PDA

Przejdź do pełnej wersji tego Forum : Program Zmiana tempa wokalu bez ograniczeń


cinekkk1
24-05-2012, 20:51
Ostatnio otworzyłem Audacity i wrzuciłem tam wokal co ma 126 BPM i z ciekawości chciałem zmienić jego tempa drastycznie na 55 BPM, jednak po tym zabiegu wokal brzmiał nienaturalne.
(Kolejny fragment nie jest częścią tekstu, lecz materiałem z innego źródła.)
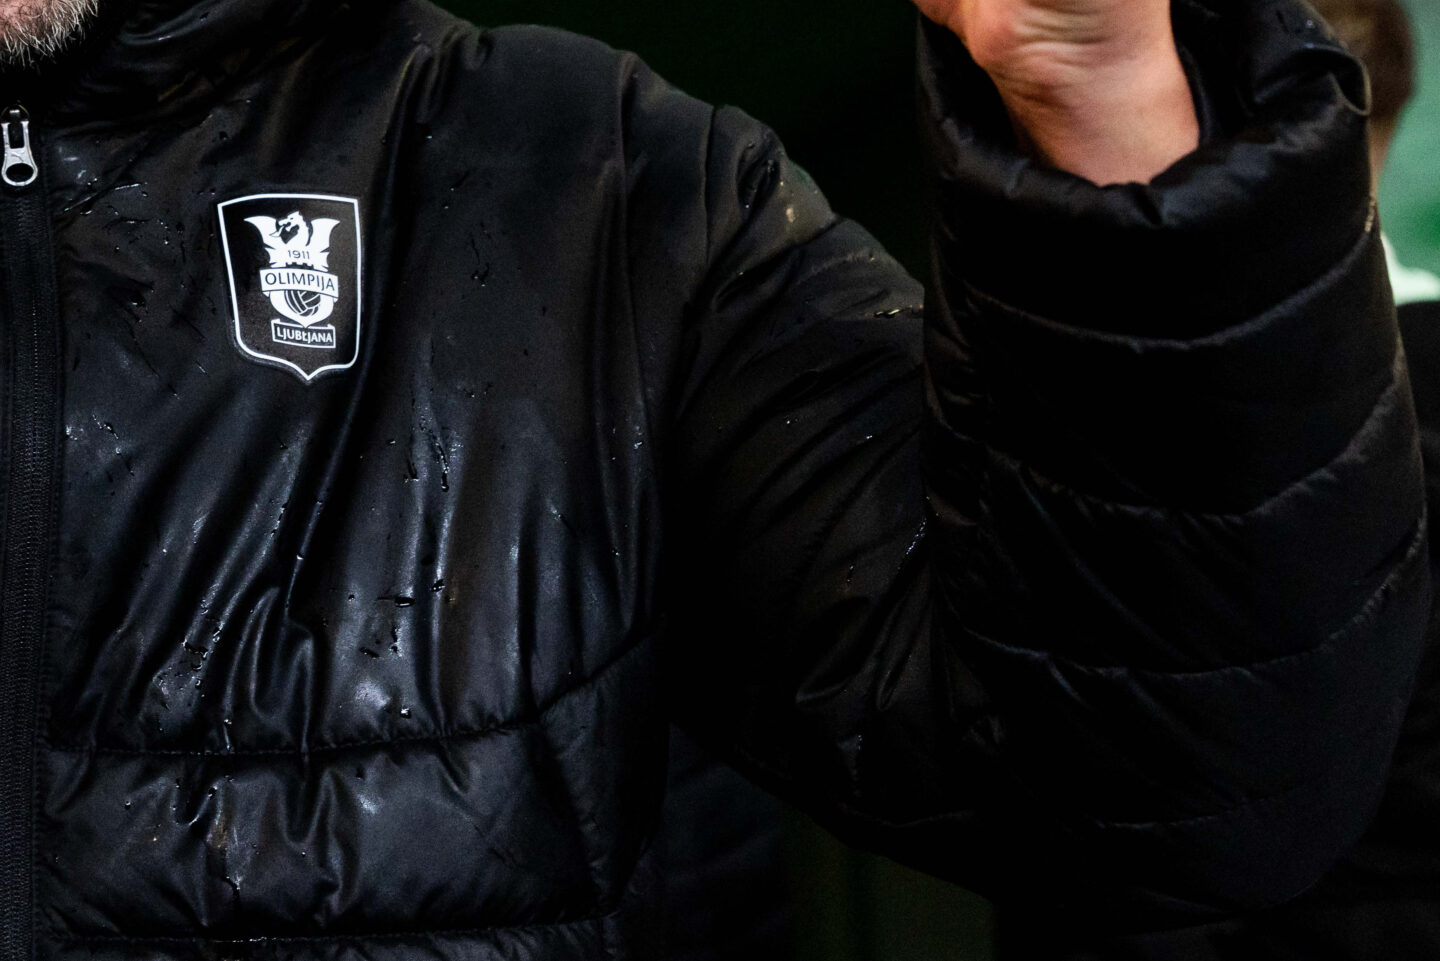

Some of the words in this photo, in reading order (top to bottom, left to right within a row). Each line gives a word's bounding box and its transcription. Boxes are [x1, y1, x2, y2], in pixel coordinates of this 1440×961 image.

[288, 250, 310, 259] 1911
[264, 272, 335, 291] OLIMPIJA
[276, 326, 333, 344] LJUBLJANA
Czy powodem jest to, że zawsze tak się dzieje przy drastycznych różnicach zmiany tempa czy może jak mam wokal 126 BMP to mogę zmienić jego temp maks o jakieś 10 BPM, żeby nie było różnicy w tonacji i wysokości?

Marcinkiewicz86
25-05-2012, 00:09
Generalnie jak zmieniasz tempo wokalu to warto pamietac by byla to sciezka w postaci wav, 24 bit a jak nie to chociaz mp3 320 kbs..
To podstawa by nie bylo problemu z jakoscia..

Jesli chodzi o skoki..to raczej nie ma mozliwosci by ze 128 bpm zmieniajac na 55 uzyskac ładnie brzmiacy wokal, jak oryginalny..pamietaj ze jest to niejako sztuczny zabieg a przy duzych roznicach jest to zauważalne...tzn efekt "chomikowania" z malych wartosci na duze lub odwrotnie efekt robota..
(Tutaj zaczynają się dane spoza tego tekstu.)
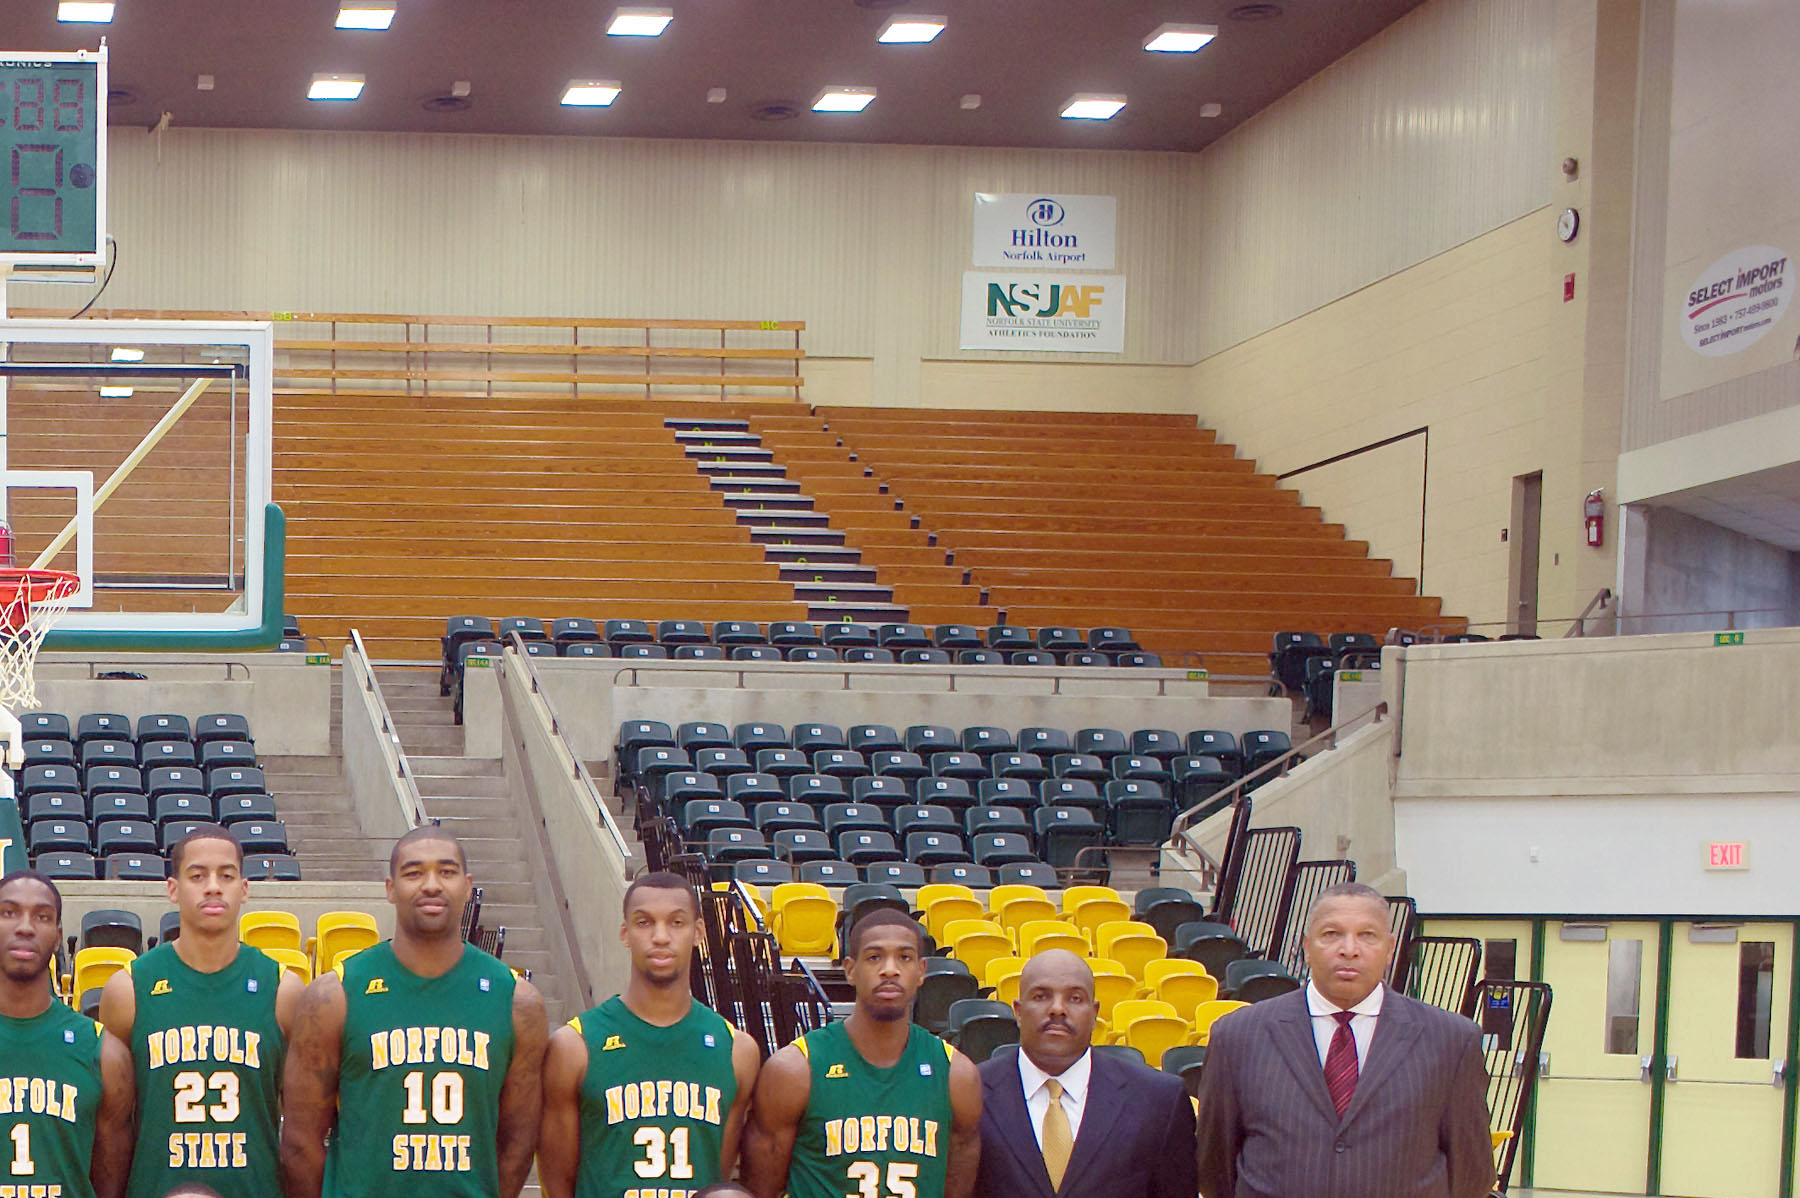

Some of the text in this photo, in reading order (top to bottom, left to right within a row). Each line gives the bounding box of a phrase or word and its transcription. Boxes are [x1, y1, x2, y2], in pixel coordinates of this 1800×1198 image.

[1011, 228, 1078, 248] Hilton
[1003, 251, 1086, 264] Norfolk Airport
[1688, 277, 1734, 307] SELECT
[1749, 277, 1783, 298] motors
[986, 317, 1101, 328] NORFOLK STATE UNIVERSITY
[988, 329, 1097, 339] ATHLETICS FOUNDATION
[1710, 843, 1744, 866] EXIT
[148, 1025, 261, 1070] NORFOLK
[370, 1026, 490, 1071] NORFOLK
[173, 1070, 241, 1123] 23
[402, 1071, 464, 1124] 10
[605, 1080, 721, 1125] NORFOLK
[9, 1123, 34, 1176] 1
[168, 1132, 247, 1168] STATE
[392, 1134, 471, 1171] STATE
[633, 1126, 694, 1179] 31
[825, 1115, 938, 1158] NORFOLK
Chociaz czesciej spotyka sie zmiany z np 80 bpm na 128..w remiksach itd..
Posluchaj remix Dave Aude - Beyonce "Single Ladies" albo Sugababe - About You know (Spencer & Hill remix)..
Takze takie modyfikacje są mozliwe ale bardzo skomplikowne..
Najlepiej nie przekraczać 20-30 bpm..potem sa takie sytuacje gdzie zaczyna wychodzic na jaw urok cyfrowej, sztucznej modyfikacji.

nyguss
25-05-2012, 10:03
Audacity nie ma funkcji master tempo tak jak Palyery może istnieje coś co ją ma tylko nie V DJ. znacie coś?

darXide
25-05-2012, 18:38
Wokal w 126, mając na celu projekt w 55, rozciąga się do 110 ;)

Anoren
25-05-2012, 19:02
Nie ma takiej możliwości, gdyż po prostu wysokość nagrania jest wprost proporcjonalna do jego prędkości, a modyfikowanie pitchem, w przypadku zmiany o ponad 20BPM, brzmi po prostu sztucznie. Jedynym sposobem jest ten podany przez darXide'a, tj. zmiana do wielokrotności prędkości.

darXide
25-05-2012, 20:02
No to może od początku do końca. Dopasowywanie tempa pitch bendingiem, to nie najlepszy pomysł. Od kwestii zmiany stroju zaczynając. Niby 100 centów to półton, ale matematycznie rzecz biorąc, masz dokładnie jeden procent szansy, że dopasowując w ten sposób tempo ścieżki do tempa projektu, nie wypadniesz ze stroju wiedeńskiego (A3=440Hz). No, może trochę większa szansa, ucho da się oszukać na parę Hz w tę, czy w tę. Dlatego ścieżki rozciąga się time stretchingiem, który właśnie do tego służy, by nie ruszać wysokości tonów. Klik na clip > detect tempo / fit to tempo. Jeśli algorytm źle coś przelicza, czy daje jakieś kfiotki, to otwierasz ścieżkę w edisonie, dajesz time markery w miejscach gdzie zaczynają się takty / frazy / zwrotki, zapisujesz jako plik, wrzucasz na playlistę i rozciągasz clip ręcznie, sugerując się tym, czy markery trafiają w siatkę (w lewym, górnym rogu okna playlisty są takie trzy duże przekładki z opcjami, zaznaczasz Focus:audio clips i włączasz funkcję stretch, by móc ręcznie stretchować ścieżki). Mimo to ścieżkę 126 w projekcie 55, dalej bym rozciągał do 110. Szeroki time stretching ma swoje ograniczenia (przy przyspieszaniu wokal zaczyna się plątać, przy spowalnianiu zaczynają być słyszalne dziury, niejako czasem nawet oczekiwane przez fanów syntezy granularnej, na czym z resztą time-stretching się opiera). Im większe próbkowanie, tym dokładniejszy efekt, ale z tego co pograłem, to taki vdj ma bardzo kiepski sam algorytm time stretchingu. No w końcu służy do grania live, FL-owski stretching powinien wytrzymać chociaż ze 30-40 bpm przy 44,1kHz.